Annotated photo localization data
►

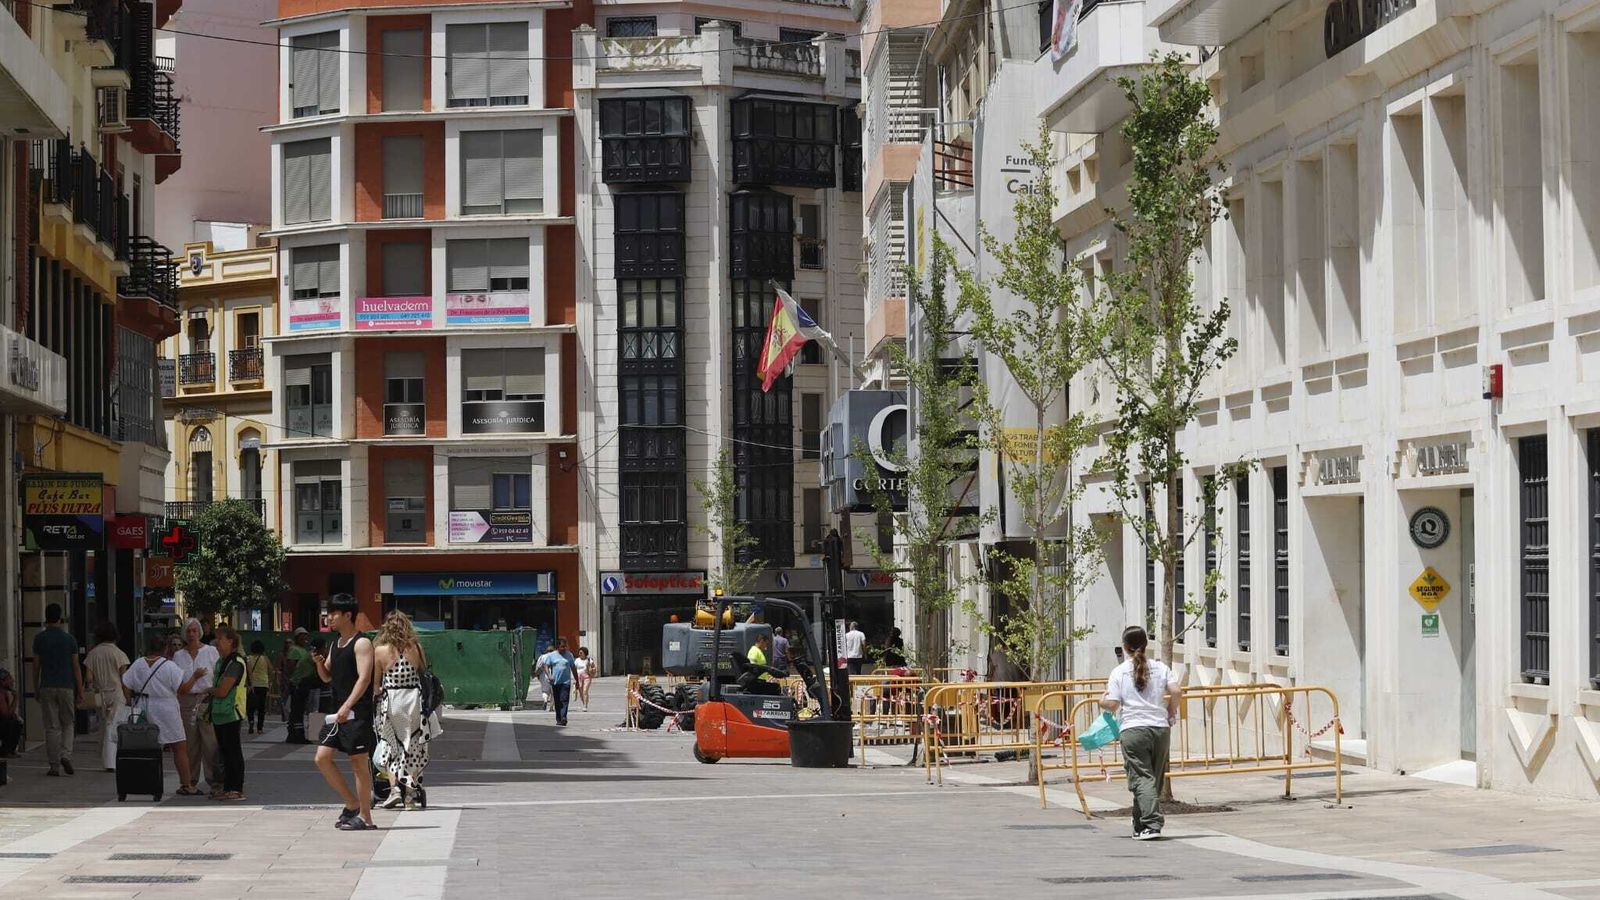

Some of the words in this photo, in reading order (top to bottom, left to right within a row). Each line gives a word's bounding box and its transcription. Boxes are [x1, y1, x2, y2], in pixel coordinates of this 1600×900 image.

[362, 300, 429, 312] huelvaderm
[27, 503, 59, 513] PLUS
[61, 503, 101, 513] ULTRA
[43, 526, 77, 535] RETA
[116, 527, 144, 536] GAES
[456, 580, 493, 588] movistar

◄

> TASK DESCRIPTION:
Whenever images occur above, omit them and retype each line exactly as it stands.

> TASK RESPONSE:
Some of the words in this photo, in reading order (top to bottom, left to right within a row). Each line gives a word's bounding box and its transcription. Boxes are [x1, y1, x2, y2], in pixel coordinates of this 1600×900 image.

[362, 300, 429, 312] huelvaderm
[27, 503, 59, 513] PLUS
[61, 503, 101, 513] ULTRA
[43, 526, 77, 535] RETA
[116, 527, 144, 536] GAES
[456, 580, 493, 588] movistar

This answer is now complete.